*** Opening of Recorded information ***

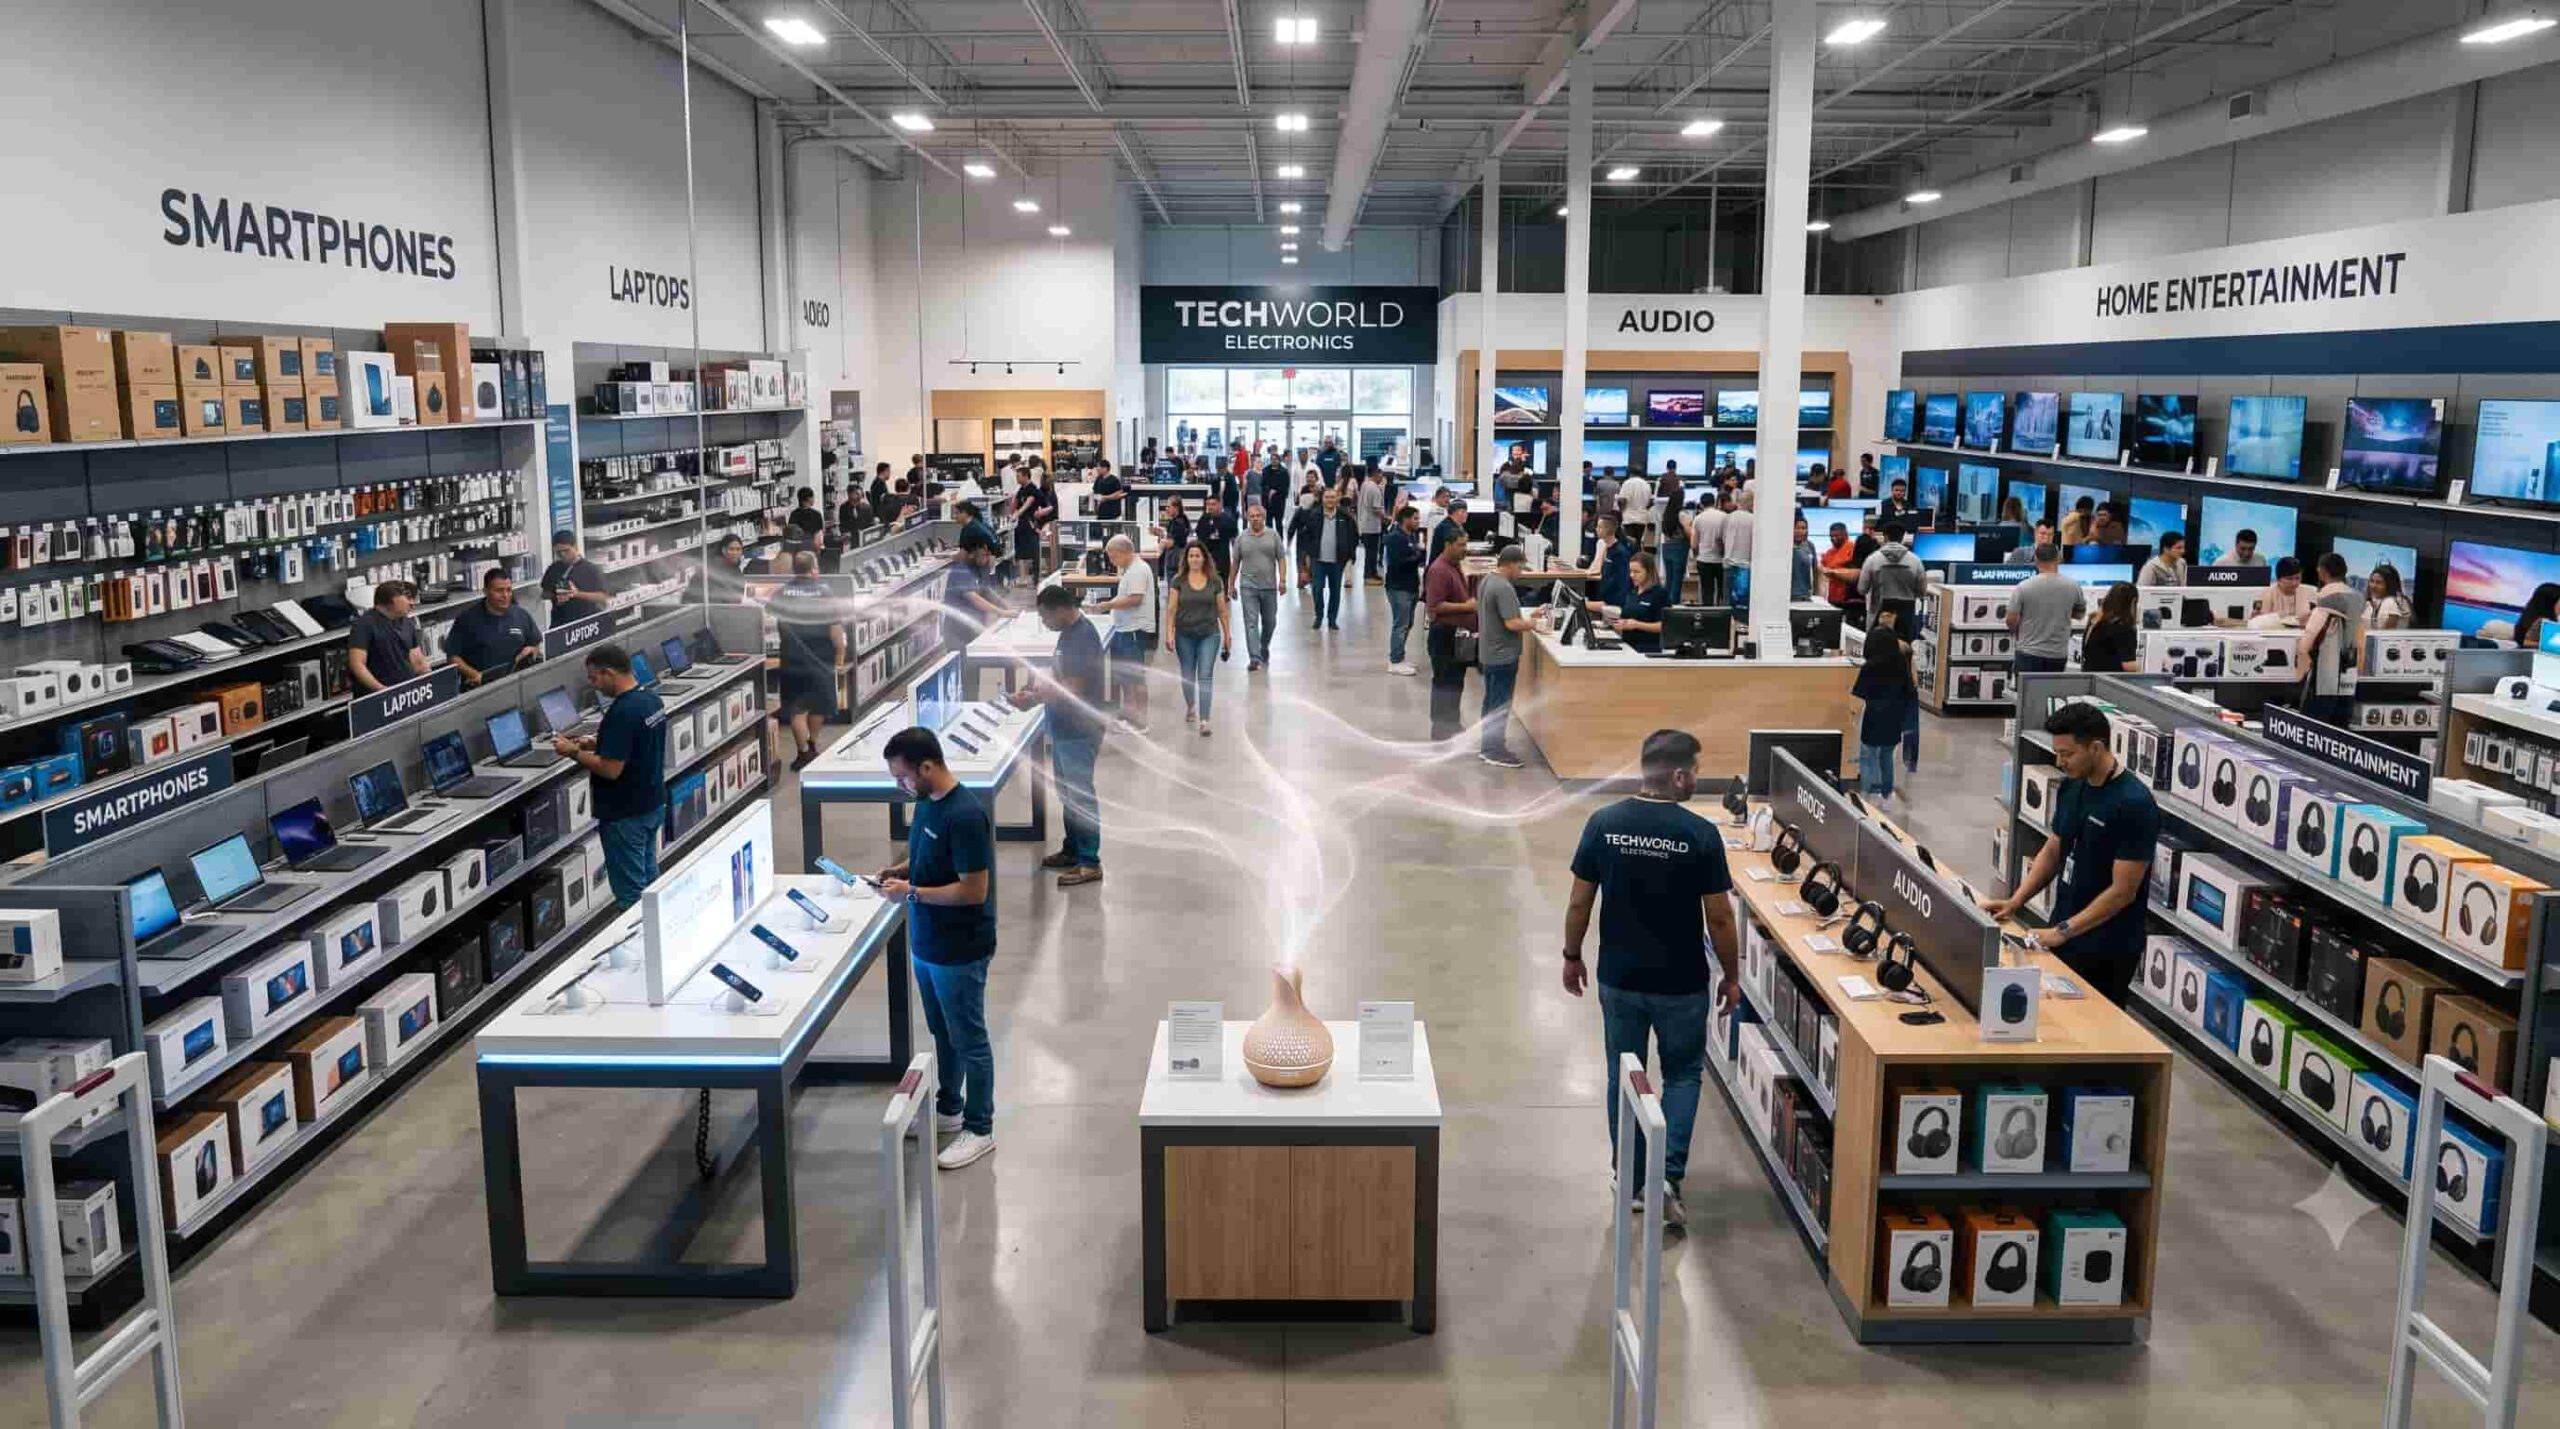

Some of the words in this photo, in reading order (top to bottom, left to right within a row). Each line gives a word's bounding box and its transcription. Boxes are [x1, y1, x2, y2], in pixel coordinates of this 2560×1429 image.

[160, 187, 457, 281] SMARTPHONES
[609, 264, 691, 310] LAPTOPS
[2095, 281, 2160, 318] HOME
[2164, 251, 2407, 313] ENTERTAINMENT
[1174, 300, 1404, 328] TECHWORLD
[1617, 309, 1715, 333] AUDIO
[1224, 334, 1355, 351] ELECTRONICS
[2207, 571, 2238, 582] AUDIO
[565, 621, 600, 646] LAPTOPS
[382, 683, 434, 718] LAPTOPS
[2268, 716, 2304, 745] HOME
[2306, 730, 2420, 789] ENTERTAINMENT
[73, 766, 209, 835] SMARTPHONES
[1603, 833, 1690, 854] TECHWORLD
[1892, 868, 1932, 919] AUDIO
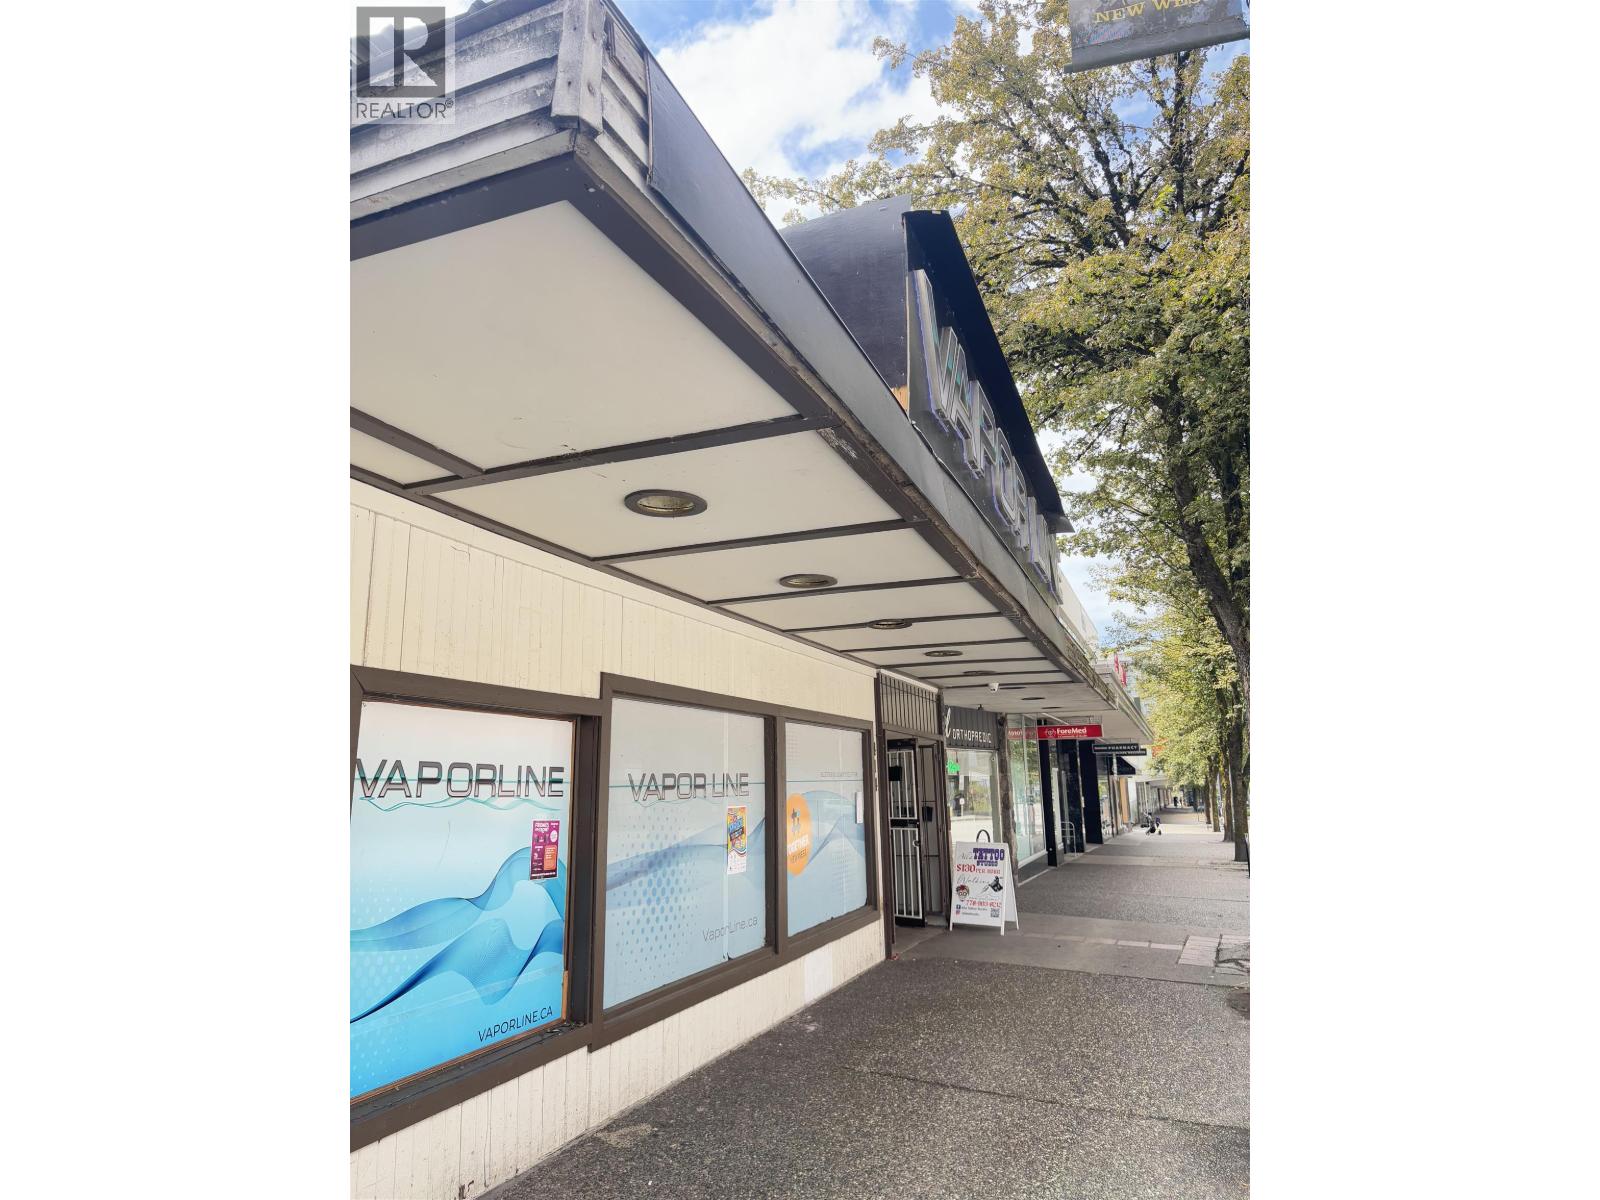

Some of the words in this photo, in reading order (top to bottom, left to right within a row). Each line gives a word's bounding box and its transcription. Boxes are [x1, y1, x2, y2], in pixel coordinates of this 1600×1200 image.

*** Close of Recorded information ***

- Your task -
Copy the data above word for word. Pictures stay out.

- Solution to the problem -
Some of the words in this photo, in reading order (top to bottom, left to right within a row). Each line gives a word's bounding box and its transcription. Boxes are [x1, y1, x2, y2], in pixel coordinates of this 2560×1429 image.

[160, 187, 457, 281] SMARTPHONES
[609, 264, 691, 310] LAPTOPS
[2095, 281, 2160, 318] HOME
[2164, 251, 2407, 313] ENTERTAINMENT
[1174, 300, 1404, 328] TECHWORLD
[1617, 309, 1715, 333] AUDIO
[1224, 334, 1355, 351] ELECTRONICS
[2207, 571, 2238, 582] AUDIO
[565, 621, 600, 646] LAPTOPS
[382, 683, 434, 718] LAPTOPS
[2268, 716, 2304, 745] HOME
[2306, 730, 2420, 789] ENTERTAINMENT
[73, 766, 209, 835] SMARTPHONES
[1603, 833, 1690, 854] TECHWORLD
[1892, 868, 1932, 919] AUDIO

Some of the words in this photo, in reading order (top to bottom, left to right within a row). Each line gives a word's bounding box and its transcription. Boxes are [x1, y1, x2, y2], in pixel coordinates of this 1600×1200 image.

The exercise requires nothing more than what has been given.